P.S. It is official. I am now a volunteer in the 1 year old room for my church. And I love it!

Sunday, January 1, 2012

Howdy 2012! Good-bye 2011!


As I sit on my bed with my netbook on my laptop, I remember the good and the bad of 2011. I remember in February of 2011 saying good-bye (not forever) to my older sister as she went to serve our Country. I remember praising God for her safe return home and heroism that she displayed. I remember spring semester in 2011; it was tough and I thought that it would never end. I remember my younger sister’s graduation and how proud I was and still am to see her in your graduation robe walking on the stage to receive the ticket to the next step in life. I remember my seven day challenge during spring break, and I knew from then on that our Father in Heaven is faithful. I remember going to my favorite band’s concert with my cousins and siblings. I remember the heart breaks as I was lead away from old friends, but God restored me with the gift of new friends. I remember seeing my baby sister playing a tiger in Seussical the musical and how proud I was to see her love for the stage develop. I remember in September where I celebrated my 21st birthday; another day of a blessed life. However; I also remember in the same month the struggles from the doctors that still are going on today. I remember the Diabetes Walk, Harvest Festival, and all the other volunteer work that did this year. But most of all, I remember Your faithfulness, Your love, and Your peace that covered me. 

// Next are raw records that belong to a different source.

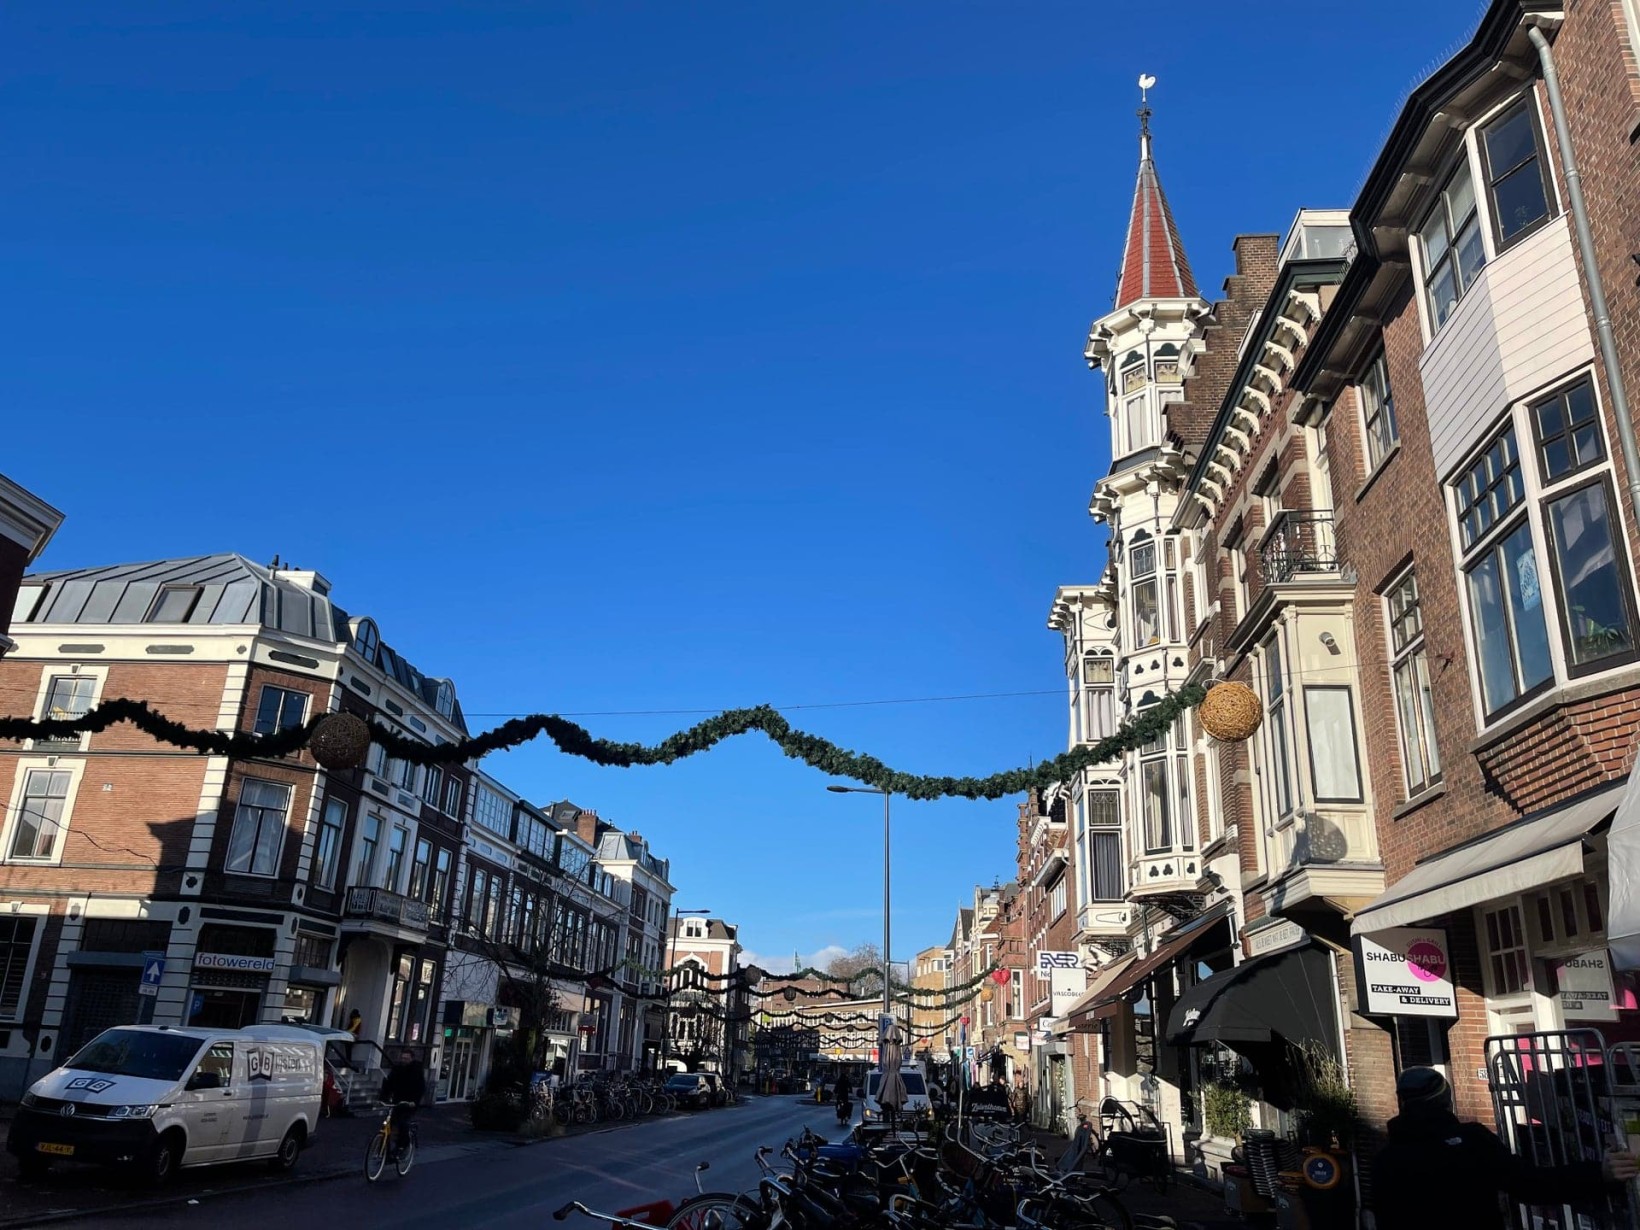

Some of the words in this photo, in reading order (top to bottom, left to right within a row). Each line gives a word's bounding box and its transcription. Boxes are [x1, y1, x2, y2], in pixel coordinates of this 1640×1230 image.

[198, 953, 276, 971] fotowereld
[1366, 952, 1405, 963] SHABU
[1406, 952, 1445, 965] SHABU
[1371, 985, 1419, 994] TAKE-AWAY
[1410, 996, 1450, 1005] DELIVERY

Out of all the lessons that were taught this year, I learned a very amazing one: God’s beautiful faithfulness. I learned that through the storm, He is still here. I learned that no matter what happens today, God will guide you through it. I learned that no matter how far you run or try to hide, He is still holding your hand. 

I have been blessed by so many wonderful things and extremely thankful for from the year 2011: my new blogging buddy Elizabeth, my family, my school, my old and new friends, my bed and blankets, my house, my chores (just don’t tell my parents. Haha), the Bible as I completed my goal of reading the Old Testament this 2011 year, my new brother-in-law, my experiences, the trails and pains, the medical staff, my room, the sunrises and sunsets, and everything that God has done in my life. 



I cannot wait to see, taste, feel, and experience what’s in store for me in 2012. I pray that you are encouraged to continue seeking God. He is our Abba!